(Collected data)
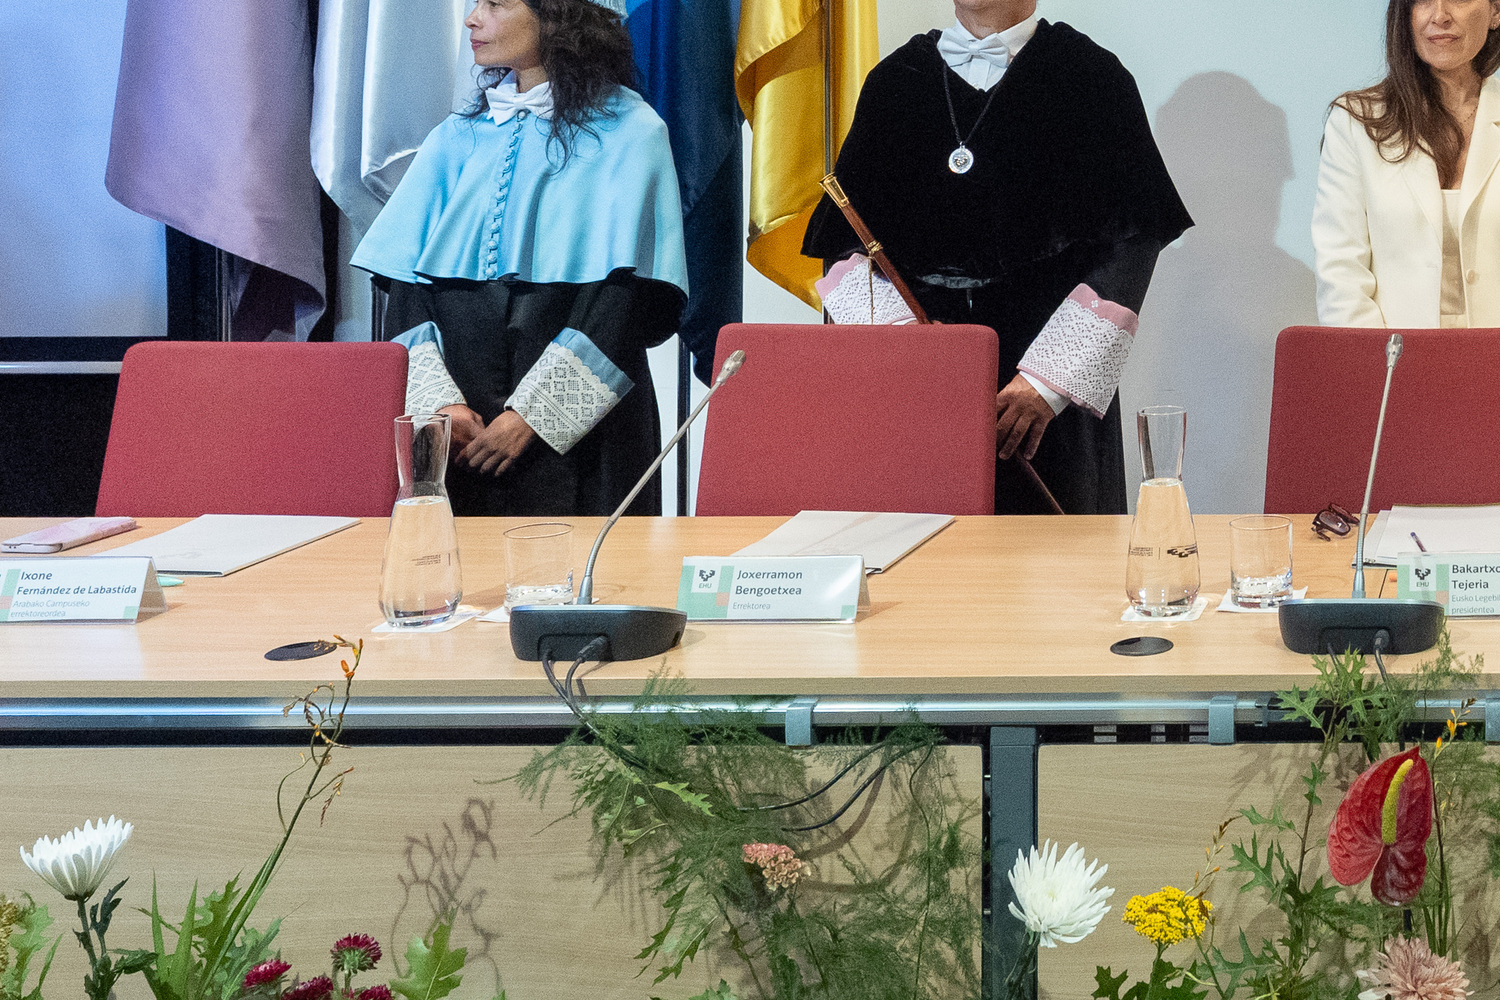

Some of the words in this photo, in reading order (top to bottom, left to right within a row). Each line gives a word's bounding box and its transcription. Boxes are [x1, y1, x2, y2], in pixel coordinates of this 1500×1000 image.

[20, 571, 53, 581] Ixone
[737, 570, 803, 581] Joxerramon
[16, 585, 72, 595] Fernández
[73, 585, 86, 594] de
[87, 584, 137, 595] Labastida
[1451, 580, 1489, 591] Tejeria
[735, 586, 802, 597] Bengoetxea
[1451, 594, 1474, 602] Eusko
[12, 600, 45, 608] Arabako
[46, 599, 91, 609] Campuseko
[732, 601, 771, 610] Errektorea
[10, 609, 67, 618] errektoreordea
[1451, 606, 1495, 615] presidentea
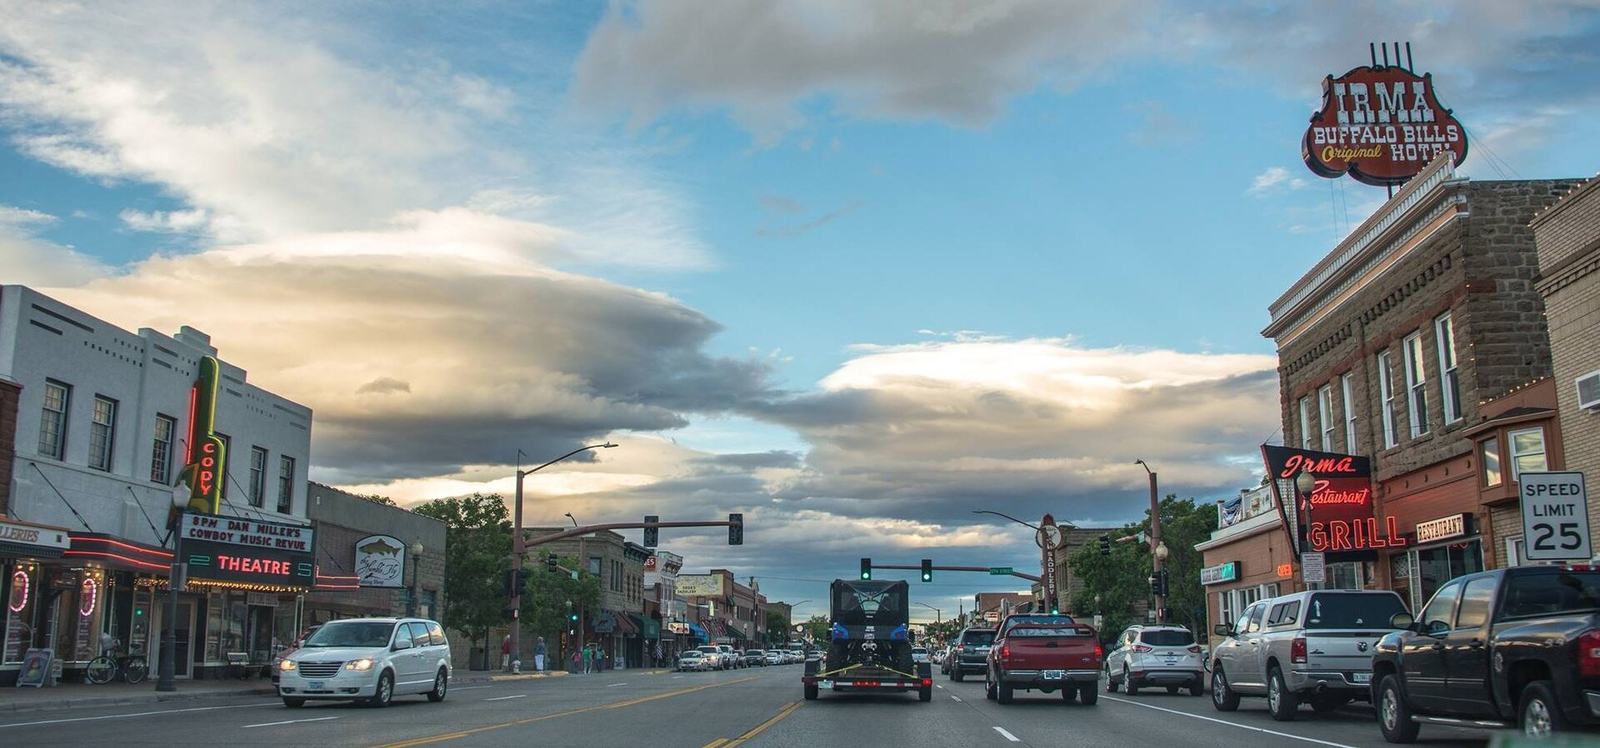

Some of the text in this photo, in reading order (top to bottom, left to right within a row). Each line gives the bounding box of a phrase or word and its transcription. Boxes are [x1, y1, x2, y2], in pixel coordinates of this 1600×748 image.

# PROMPT
Please output all of the entries exactly as they appear, with no pictures.

# ANSWER SPACE
Some of the words in this photo, in reading order (top to bottom, left to right within a row). Each line gives a word's bounding box and its transcription. Boxes are [x1, y1, x2, y2], in pixel coordinates of this 1500×1000 image.

[20, 571, 53, 581] Ixone
[737, 570, 803, 581] Joxerramon
[16, 585, 72, 595] Fernández
[73, 585, 86, 594] de
[87, 584, 137, 595] Labastida
[1451, 580, 1489, 591] Tejeria
[735, 586, 802, 597] Bengoetxea
[1451, 594, 1474, 602] Eusko
[12, 600, 45, 608] Arabako
[46, 599, 91, 609] Campuseko
[732, 601, 771, 610] Errektorea
[10, 609, 67, 618] errektoreordea
[1451, 606, 1495, 615] presidentea

Some of the text in this photo, in reading order (top to bottom, left to right within a row). Each line gives the bounding box of a phrase or word and its transcription. Boxes are [x1, y1, x2, y2], in pixel coordinates of this 1600×748 image.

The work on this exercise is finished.